New Year, New Heights and the Projectile

I spent my new year celebration at our friend’s place with 2 other colleagues. It was started with a dinner at about 9:30 pm and we bought some bottles of wine in addition to the spirits we already brought. At about 10:30, a street party was setup in the vicinity and about 5 other families joined in a potluck. Marijo’s brother started the fireworks at about that time with David and Gerard (my colleagues) taking turns setting them off. I did not attempt to set them off because I did a lot those things way back as a child and still lucky enough to have my fingers intact.

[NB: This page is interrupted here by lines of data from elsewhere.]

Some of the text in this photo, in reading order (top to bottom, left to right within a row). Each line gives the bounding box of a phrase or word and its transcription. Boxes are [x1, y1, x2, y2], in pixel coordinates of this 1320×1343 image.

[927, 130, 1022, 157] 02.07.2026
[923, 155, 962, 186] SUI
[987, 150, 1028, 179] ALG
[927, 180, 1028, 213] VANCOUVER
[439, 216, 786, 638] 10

This is a video of our 2012 New Year’s Celebration:

As Gerard was flying off skyrockets (or kwitis as they are called in my language) David asked me “How high do you think these things go up?”. That was a really good question which got me to thinking. I said “Let’s compute!” So I took my iphone and launched its built-in stopwatch. Gerard flew about 3 skyrockets and I took the time it takes for them to fly until they blow up in the air. The average was found to be 2.3 seconds.

Independent of Mass

Legend has it that Galileo Galilei performed an experiment at the Leaning Tower of Pisa. He dropped objects of different masses to see which of them falls first. Starting from the heaviest to the lightest object, what he found was that, in a vacuum, they reach the ground at the same length of time when dropped from the same height. Using this result, we can compute for the distance travelled by any object under the influence of gravity. At heights near the earth’s surface, the acceleration of objects in the presence of gravity alone is given by

$\displaystyle \frac{d^2h}{dt^2}= \frac{dv}{dt} = -g$

where $h$ is the vertical distance (height), $v$ is the velocity and $g$ is the acceleration due to gravity given by $g = 9.8 \text{m/s}^2$.

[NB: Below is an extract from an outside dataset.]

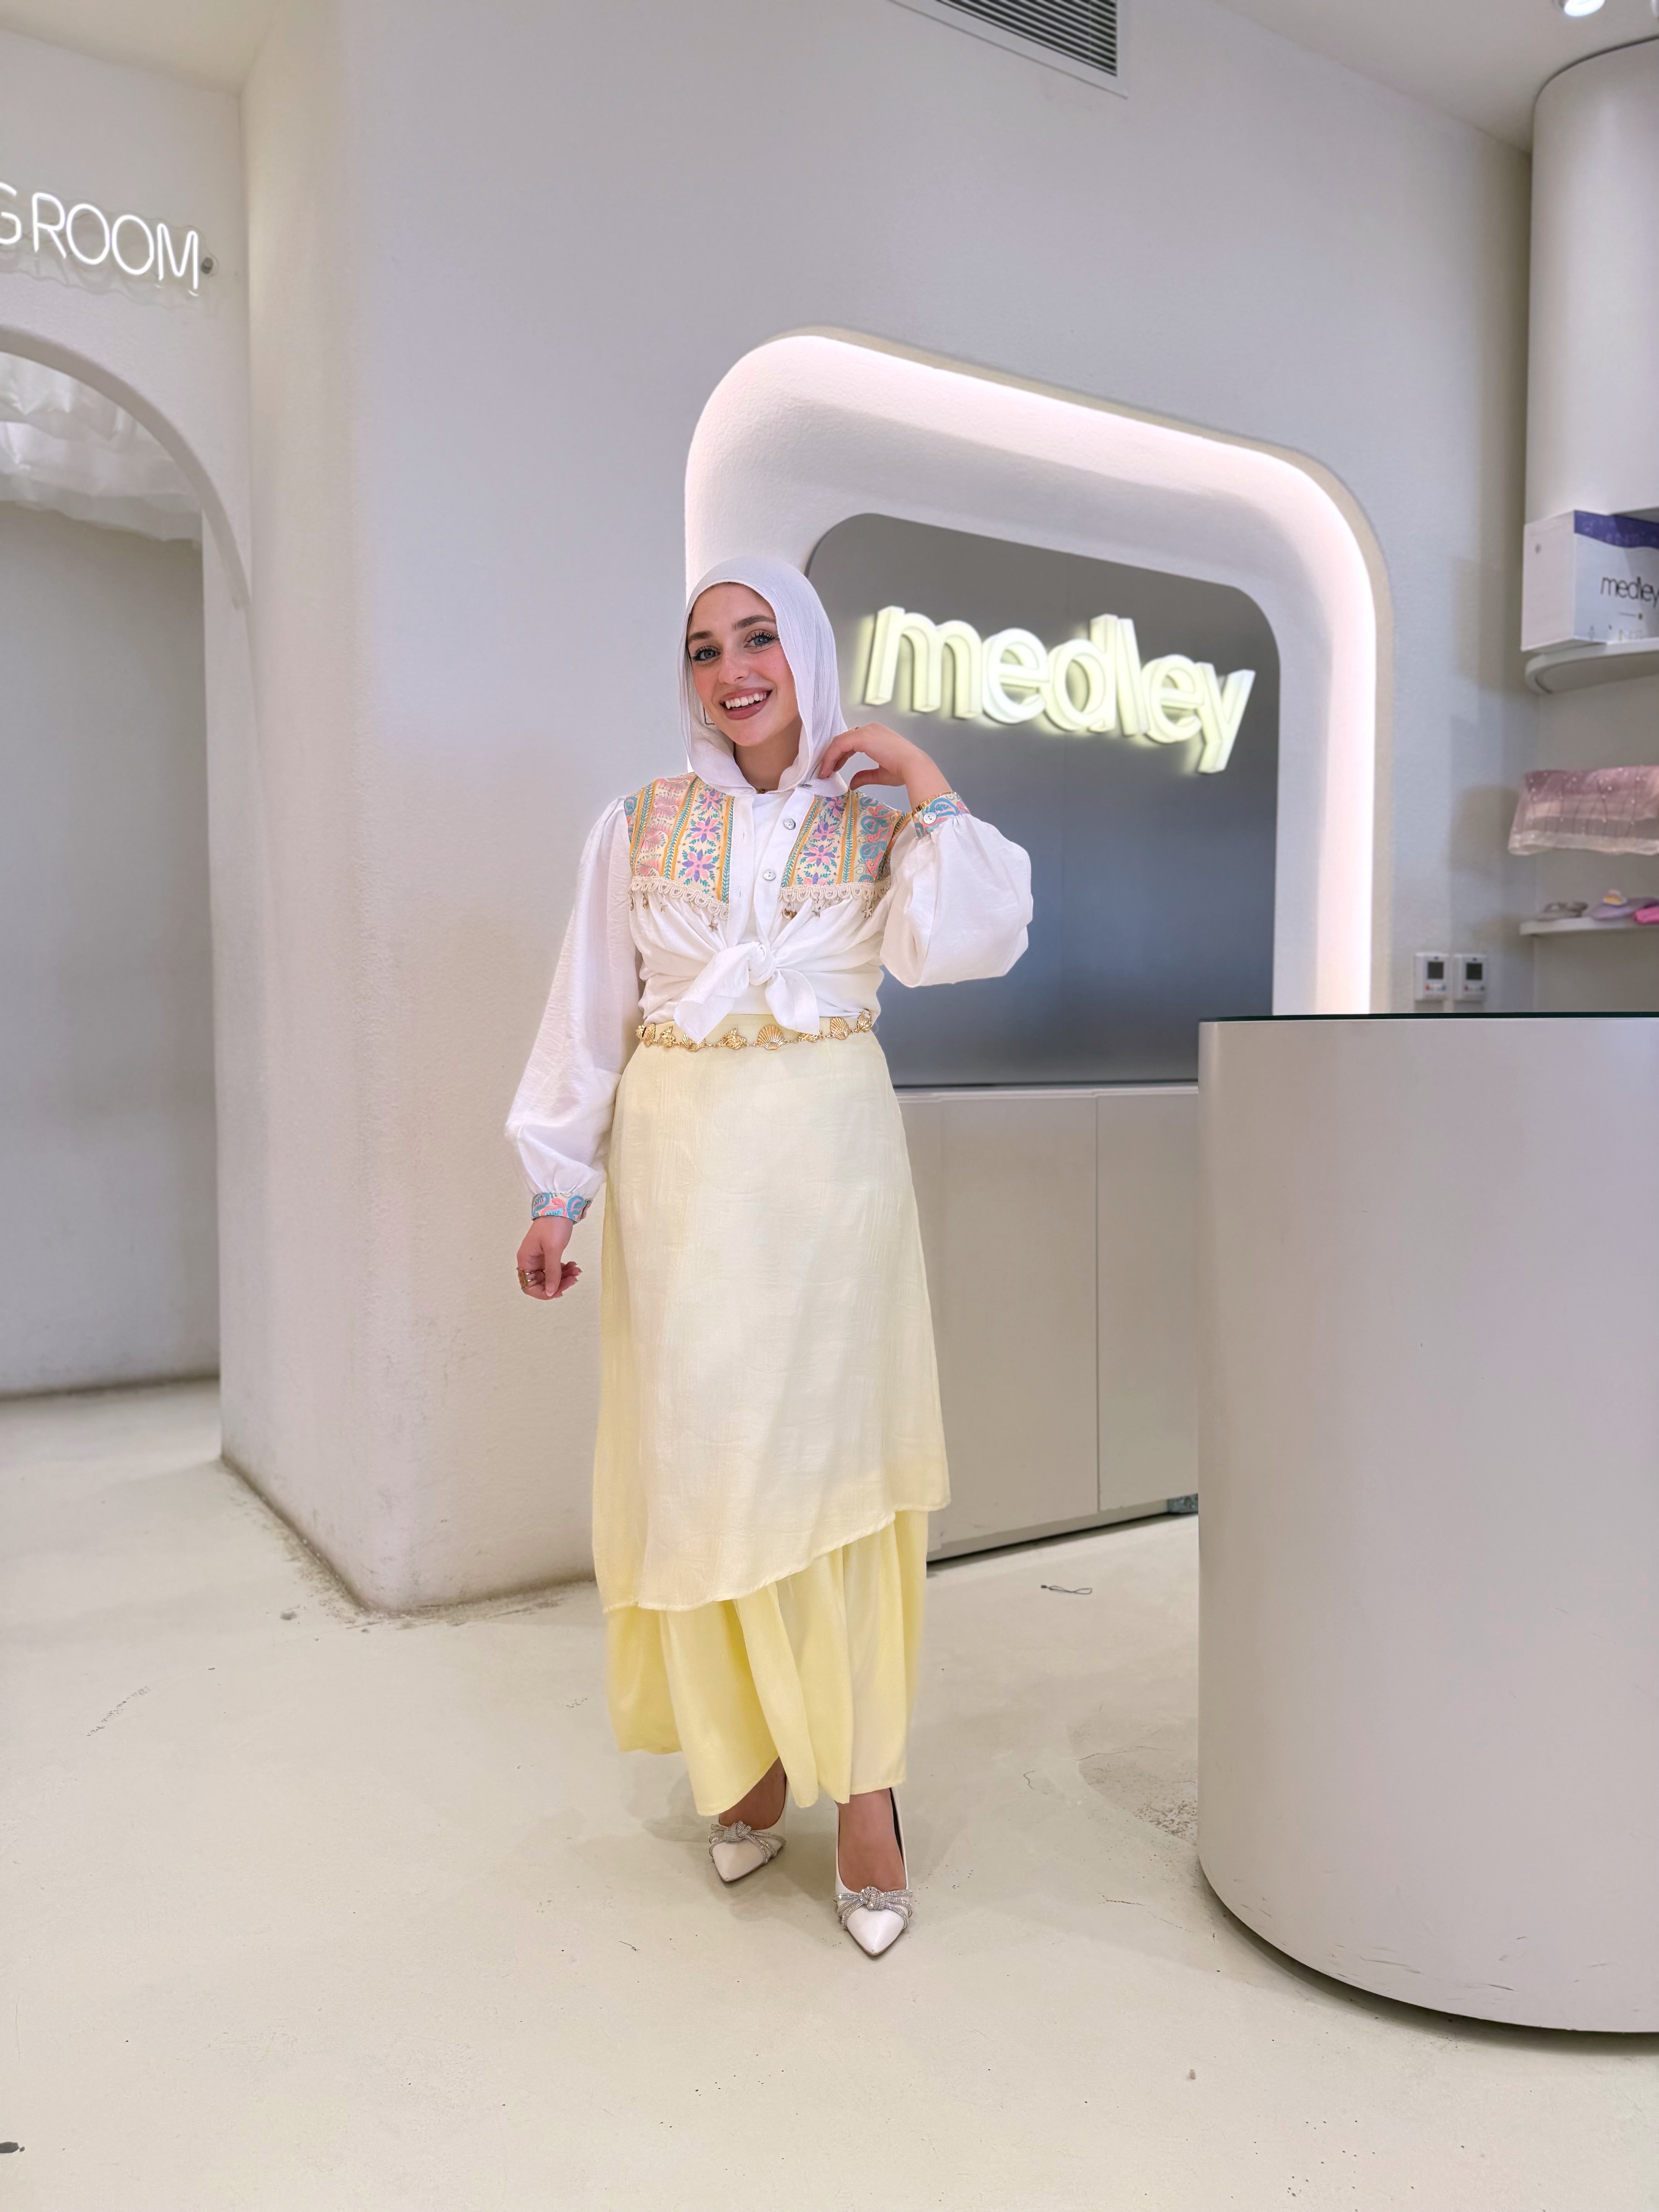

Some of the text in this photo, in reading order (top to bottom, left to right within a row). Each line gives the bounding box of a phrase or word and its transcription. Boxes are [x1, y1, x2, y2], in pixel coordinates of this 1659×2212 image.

[32, 192, 198, 289] ROOM
[1600, 576, 1659, 608] medley
[864, 605, 1256, 774] medley

The equation above is a simple differential equation which we can solve for the velocity at any time $t$ by integrating both sides:

$\displaystyle \int^{v}_{v_i} dv = \int^{t}_{t_i} -g dt$

which by the Fundamental Theorem of Calculus gives us

$\displaystyle v - v_i = -g(t - t_i)$
$\displaystyle v = -gt + v_i + t_i$

If we take initial time of the rocket launch to be zero, that is, $t_i=0$, we have

$\displaystyle v = \frac{dh}{dt}= -gt + v_i$

We don’t know the initial velocity $v_i$ of the rocket. However, at the maximum height attained by the rocket, the velocity is zero. Using this fact, we can solve for the initial velocity:

$\displaystyle 0 = -gt_{\text{max}} + v_i$
$\displaystyle v_i = gt_{\text{max}}$

where $t_{\text{max}}$ is the time the rocket reached maximum height.

At $t_{\text{max}}=2.3$ seconds, the initial velocity is therefore $v_i = 9.8 * 2.3 = 22.5$ m/s.

Maximum height

We can solve for the height as a function of time by integrating both sides of the velocity equation:

$\displaystyle \int^{h}_{h_i} dh = \int^{t}_{t_i} -gt dt + v_i dt$
$\displaystyle h - h_i = -\frac{gt^2}{2} + v_i t \big|^t_{t_i}$

Since the initial height is zero , that is , $h_i = 0$ and the initial time is zero $t_i = 0$, we have

$\displaystyle h = -\frac{gt^2}{2} + v_i t$

Since at t=2.3 seconds, the rocket reaches the maximum height, we have

$\displaystyle h_{\text{max}} = -\frac{9.8 \times (2.3)^2}{2} + 22.5 * 2.3 = 25.829 \text{ meters}$

Does this make sense? The average height of a building storey is about 3 meters. This is about 8 or 9 storeys high which I think makes sense.

It’s good that my new year not only started with a warm welcome from friends but it also appealed to my physics curiosity.

Thank you to Marijo Condes and family for letting us spend a memorable New Year’s Eve.